Key Security Features
There are six features on the $100 bill that help prevent counterfeiting and help protect our currency:
- Serial Numbers – Every U.S. $100 bill has a unique serial number that records its production data and helps keep track of how many bills are in circulation. There is also a EURion constellation on the $100 bill, a group of yellow rings that can be found near the serial number, that is only detectable by imaging software.
- Color-Changing Ink – Color-changing ink on the $100 changes color when looked at from different angles. This is accomplished by small metallic flakes that are part of the ink itself. All U.S. bills have a color-changing inked denomination in the lower right-hand corner. The $100 also has a color-changing Liberty Bell image on the currency.

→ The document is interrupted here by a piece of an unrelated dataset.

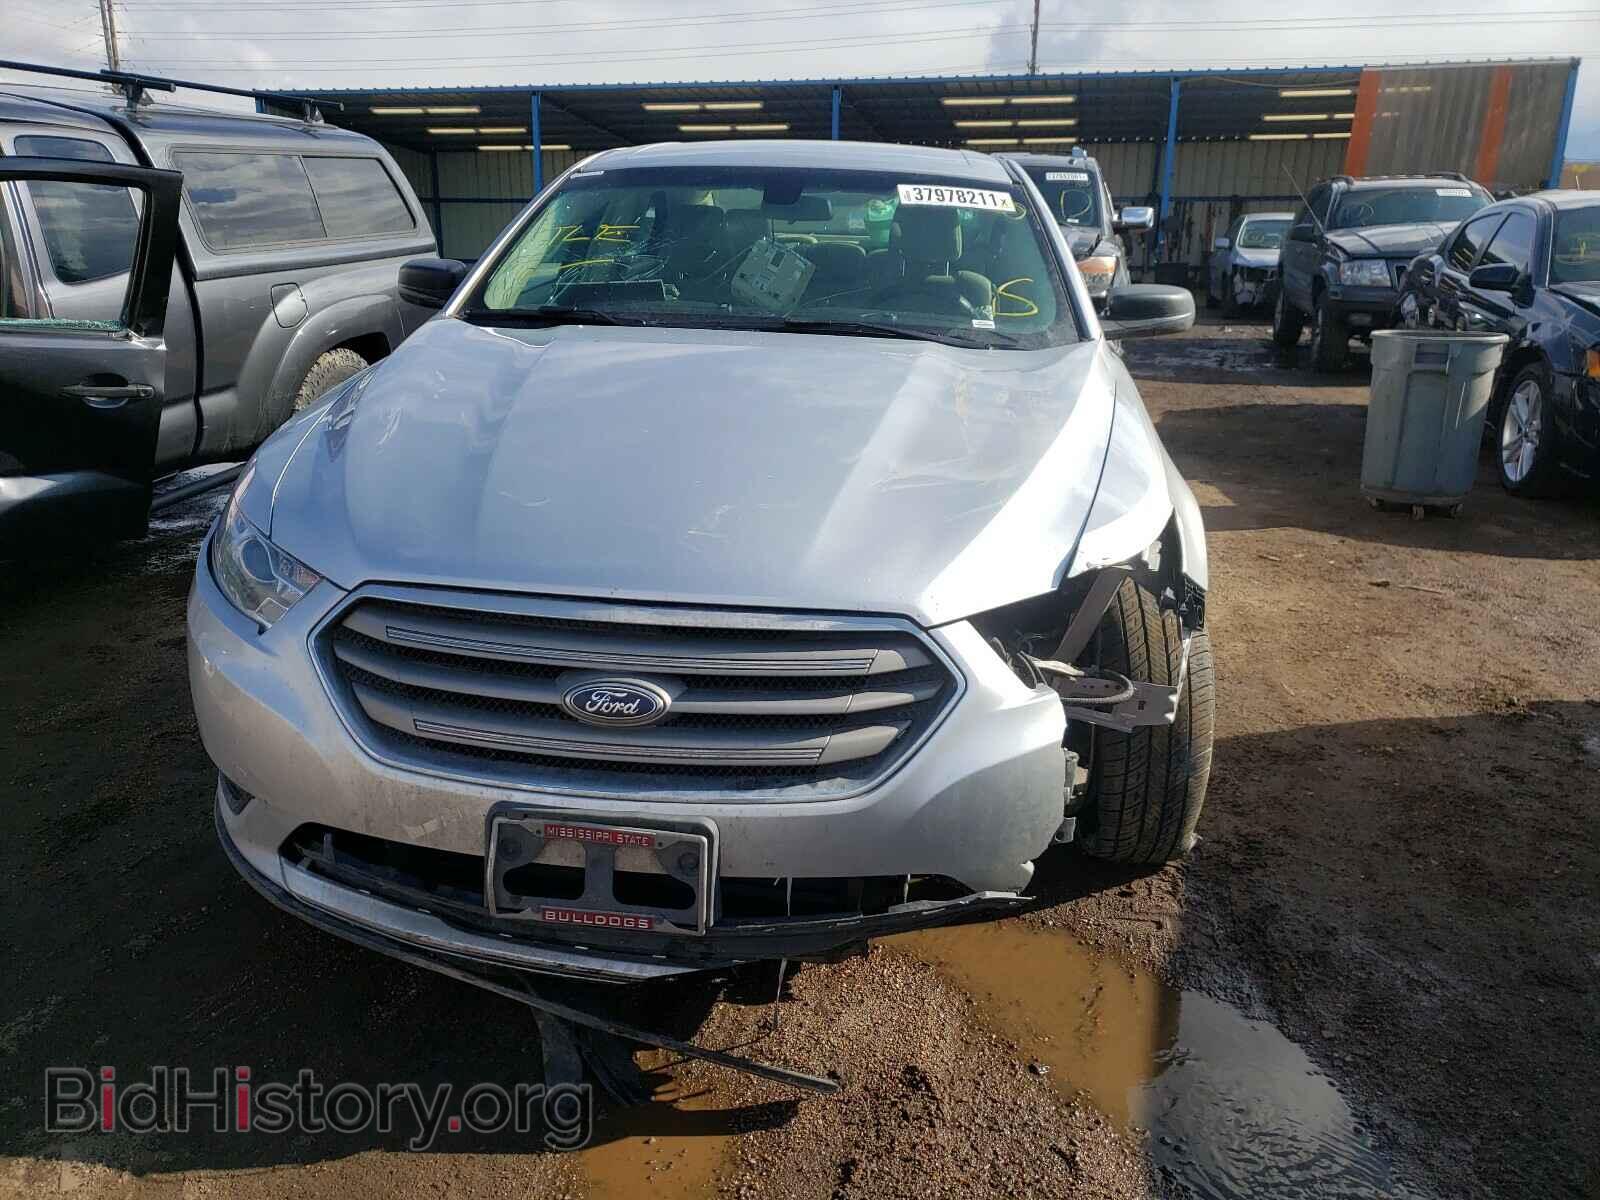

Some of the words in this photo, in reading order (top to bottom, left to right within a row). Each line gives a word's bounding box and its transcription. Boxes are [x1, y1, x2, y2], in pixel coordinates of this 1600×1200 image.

- Micro Printing – Micro printed images placed on the $100 cannot be scanned or copied by printers, and cannot be seen by the naked eye. The $100 bill has the phrase “USA 100” micro printed in several places on the bill.
- Magnetic Ink – Magnetic ink, known as Intaglio Printing is used on each bill rather than using regular ink that is pressed onto paper. According to the Bureau of Engraving and Printing (BEP), “ink is applied to the engraved plate. The excess ink is removed from the non-image area of the plate, thereby leaving ink only in the engraved recessed areas. Paper is then laid on top of the plate, and the two are pressed together under great pressure. As a result, the ink from the recessed areas is pulled onto the paper, creating a slightly raised finished image. When dried, the tactility feels like fine sandpaper.”
- Threads, Ribbons, and Watermarks – A clear, embedded security thread is vertically run through each bill. This thread can only be seen under UV light and contains microprinting that identifies the bill’s value. On $100 bills there is also a 3D ribbon that is placed in the center of the bill. The ribbon contains a pattern that alters slightly as it is moved. Watermarks are included on all bills over $5 and can be seen when light passes through the bill.
- Fiber Paper – American money is made up of 75% cotton and 25% linen and contains red and blue fibers throughout the bill to make counterfeiting more difficult.
While the amount of counterfeit bills in circulation is small, the BEP is always trying to improve the security of the U.S. currency and stay ahead of would-be criminals.